La imagen de Rosaura se estaba convirtiendo en una obsesión y la obra no avanzaba. Pensó en tomarse unos días libres en Nínive y trató de localizar a Steel. Los rasgos casi grotescos del matemático y su figura desgalichada parecían el mejor antídoto. Pero ya no se encontraba en el sistema, y tampoco estaban el resto de sus conocidos.

En realidad, no los buscó con demasiado interés.

Y llegó el día inevitable. Rosaura entró sofocada. Arrebolada, su rostro era aún más adorable. Llevaba un vestido negro, ajustado a sus formas como la mirada de un amante, y en la suave gravedad que había ajustado Virgan para aquel día sus senos se balanceaban en un ondular premioso, desacompasado con la agitación de sus palabras.

—¡Descargada! ¿Usted puede creerlo?
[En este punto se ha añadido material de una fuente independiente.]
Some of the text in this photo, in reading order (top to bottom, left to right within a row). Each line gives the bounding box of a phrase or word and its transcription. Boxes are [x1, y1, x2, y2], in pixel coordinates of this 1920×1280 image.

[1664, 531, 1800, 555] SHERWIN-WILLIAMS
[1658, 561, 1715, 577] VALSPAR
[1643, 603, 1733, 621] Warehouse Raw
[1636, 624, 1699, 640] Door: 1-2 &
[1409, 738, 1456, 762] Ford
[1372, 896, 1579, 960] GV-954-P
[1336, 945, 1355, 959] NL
Podría haberme estrellado contra este maldito asteroide si...

Virgan escuchaba sin oír, distraído en despojarla mentalmente del vestido y hacer experimentos con aquella ondulación, de modo que tuvo que pedirle que empezara de nuevo.

—¡Pues que el ordenador de la nave me dice que la unidad de energía está prácticamente descargada y que no debo moverla hasta que consiga otra unidad!
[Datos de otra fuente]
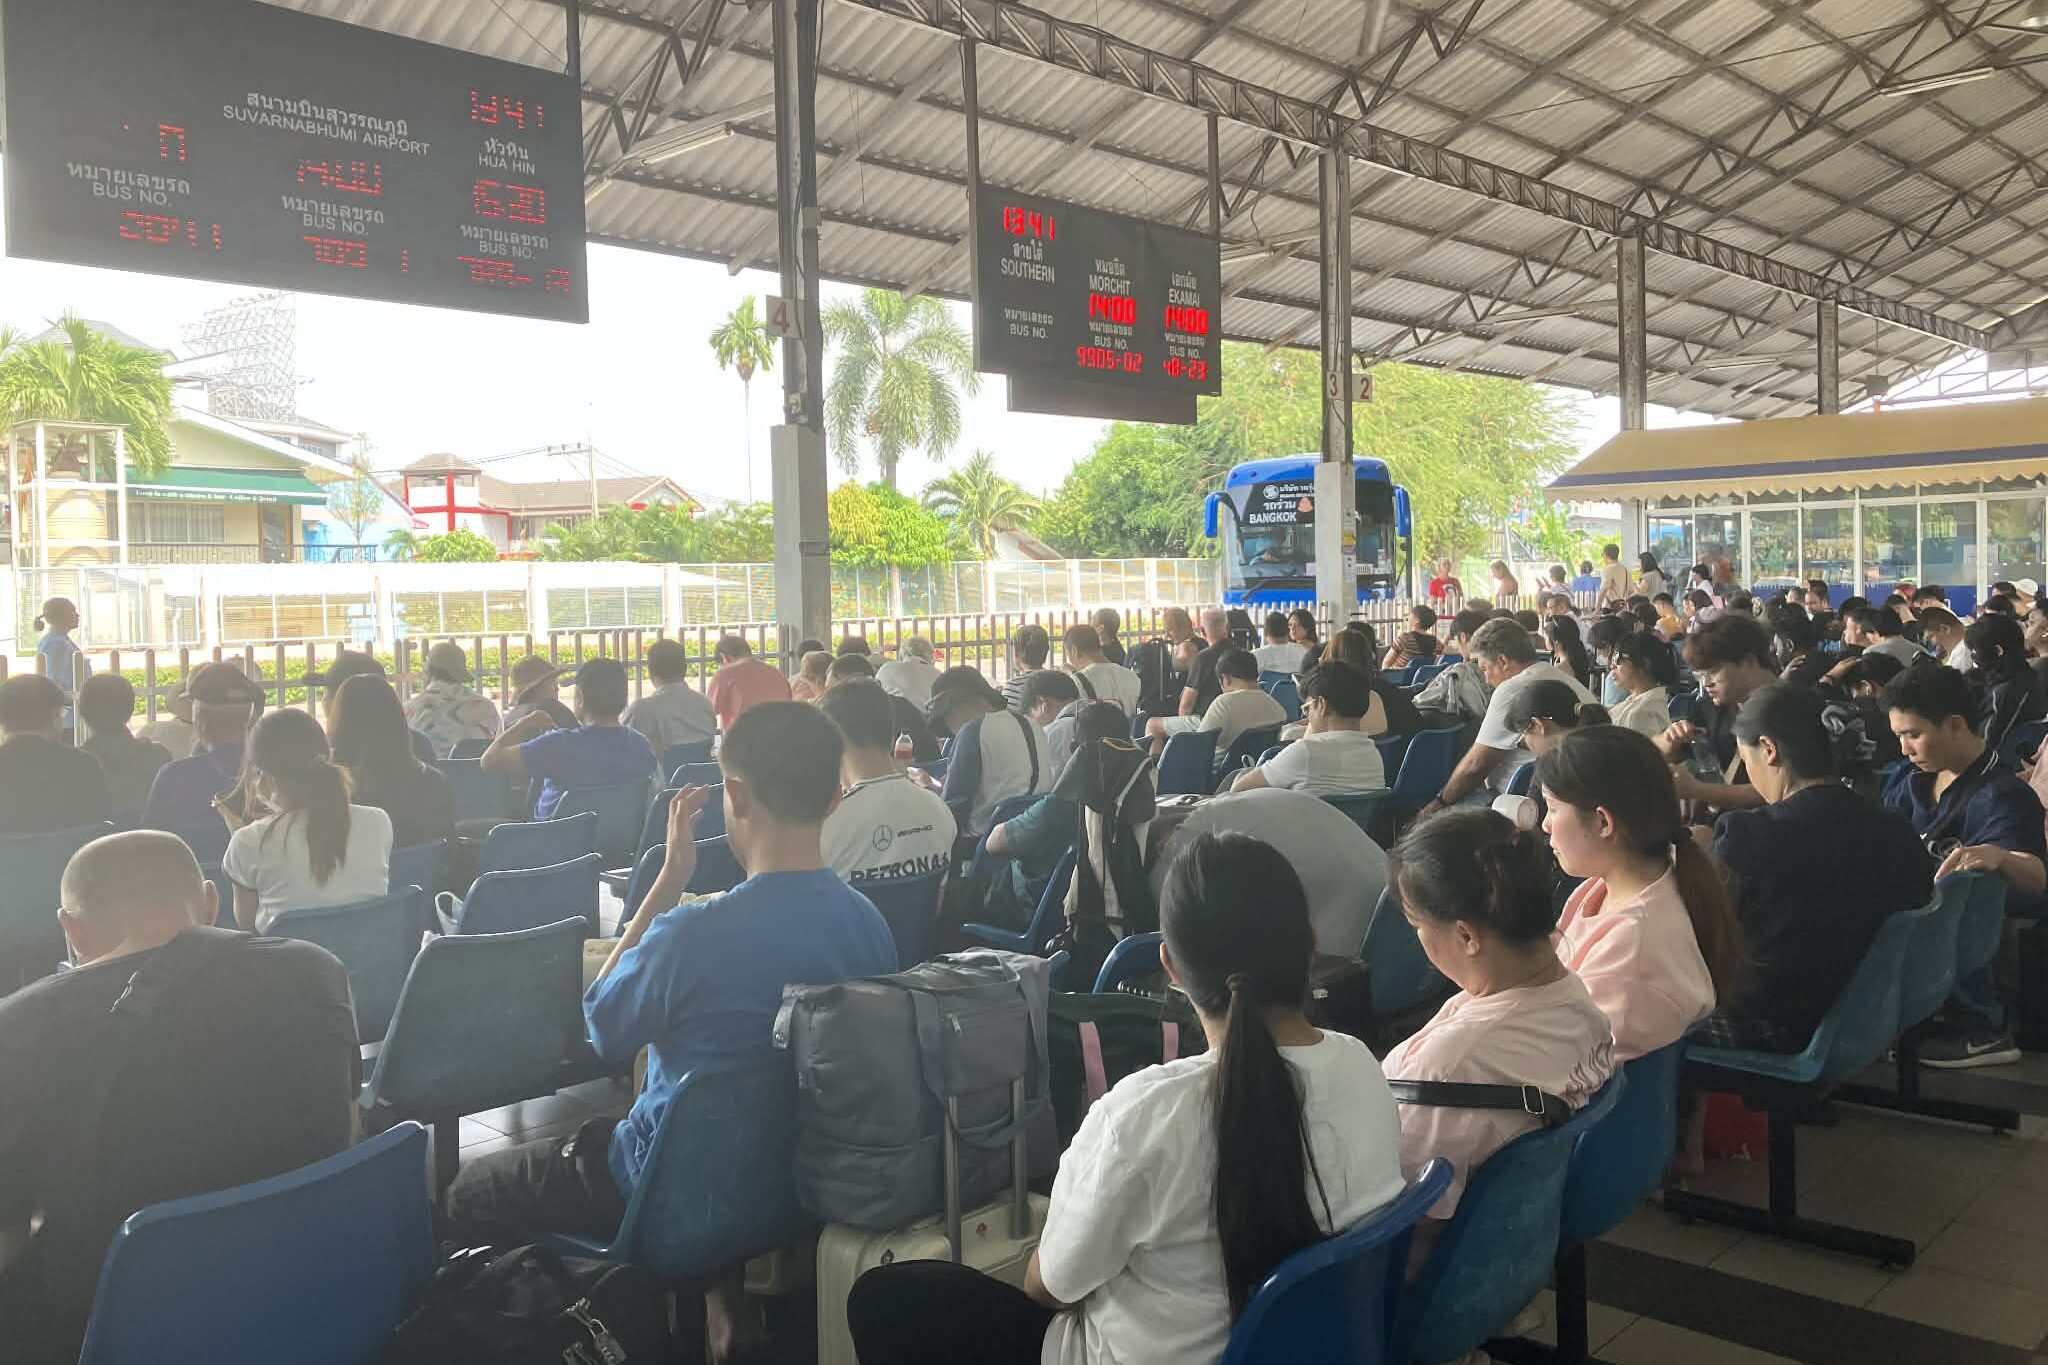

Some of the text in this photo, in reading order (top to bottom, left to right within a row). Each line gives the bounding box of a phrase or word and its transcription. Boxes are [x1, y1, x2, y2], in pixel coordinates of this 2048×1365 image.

[247, 92, 408, 138] สนามบินสุวรรณภูมิ
[223, 105, 430, 155] SUVARNABHUMI AIRPORT
[484, 136, 529, 160] หัวหิน
[479, 155, 536, 175] HUA HIN
[66, 161, 190, 195] หมายเลขรถ
[92, 182, 173, 207] BUS NO.
[281, 196, 385, 224] หมายเลขรถ
[303, 213, 369, 235] BUS NO.
[1003, 206, 1055, 240] 1341
[459, 224, 549, 249] หมายเลขรถ
[479, 240, 536, 260] BUS NO.
[1000, 257, 1055, 283] SOUTHERN
[1089, 275, 1131, 295] MORCHIT
[1168, 288, 1200, 307] EKAMAI
[773, 301, 790, 333] 4
[1010, 323, 1049, 339] BUS NO.
[1094, 335, 1129, 350] BUS NO.
[1169, 346, 1200, 360] BUS NO.
[1330, 373, 1338, 397] 3
[1360, 376, 1370, 399] 2
[1249, 511, 1297, 524] BANGKOK
[851, 851, 949, 880] PETRONAS
Por supuesto, la unidad de energía de aquel vehículo era incompatible con cualquier sistema de recarga de que dispusiera Virgan en su asteroide. Y, también por supuesto, la nueva unidad que había encargado Rosaura no llegaría hasta cuarenta y ocho horas después.
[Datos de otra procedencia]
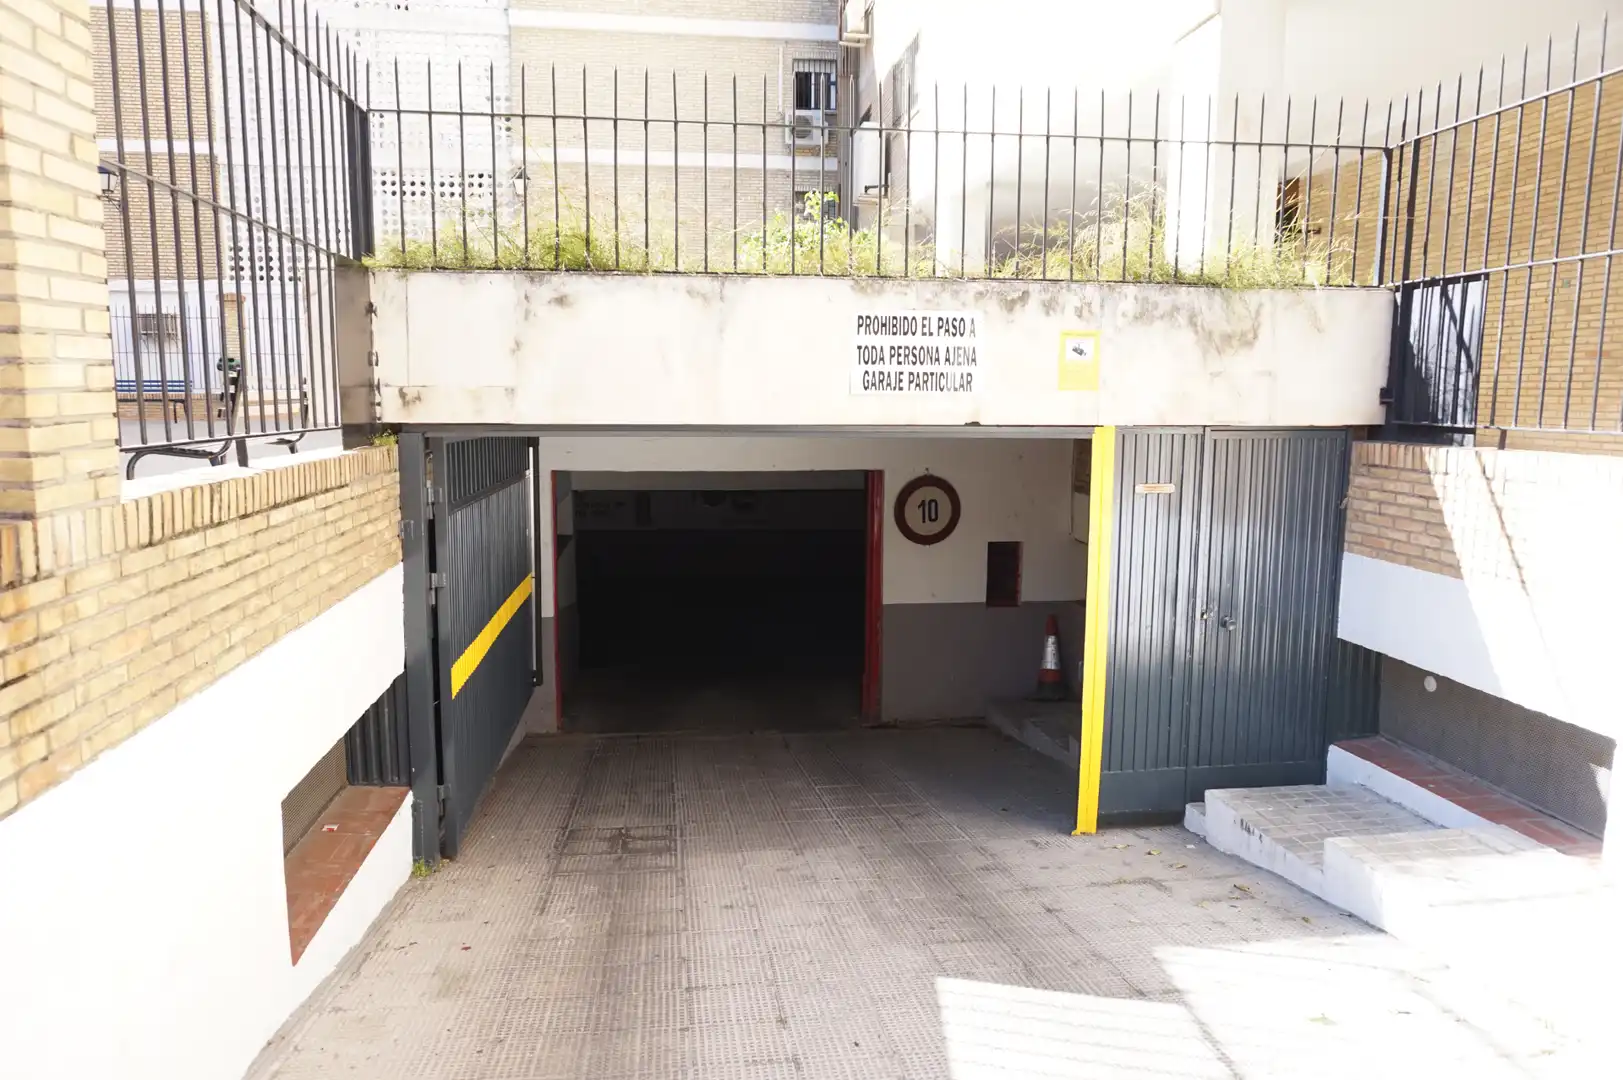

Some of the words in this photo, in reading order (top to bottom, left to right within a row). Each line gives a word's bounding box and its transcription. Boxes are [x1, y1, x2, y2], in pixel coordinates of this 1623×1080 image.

—Así que me temo que tendré que alojarme aquí hasta entonces.

El plan de Rosaura no era ni mucho menos perfecto: Virgan tenía su propio vehículo intersistema, que hubiera podido prestarle hasta que llegara la nueva unidad. Pero le pareció de una crueldad innecesaria frustrar tan candorosa malicia, de modo que ordenó a los servos que prepararan una estancia para la joven.

—¿Tiene alguna preferencia alimenticia?

Rosaura negó con la cabeza, mientras se despojaba del vestido como al desgaire. Por primera vez, Virgan apartó la mirada, avergonzado. Desde fuera, se observó a sí mismo y se dijo que la situación se estaba volviendo tal vez excesivamente interesante. Pero debía apurar la copa del peligro hasta los posos si quería seguir disfrutando del juego.

—¿Empezamos?

Ella ya estaba desnuda, con los brazos en jarras. Cada día venía más morena, con un bronceado que no parecía artificial. Virgan se la imaginó tomando el sol sin ropa, en una playa de Nínive, bajo las miradas de otros hombres, y aquel pensamiento le excitó y a la vez le molestó.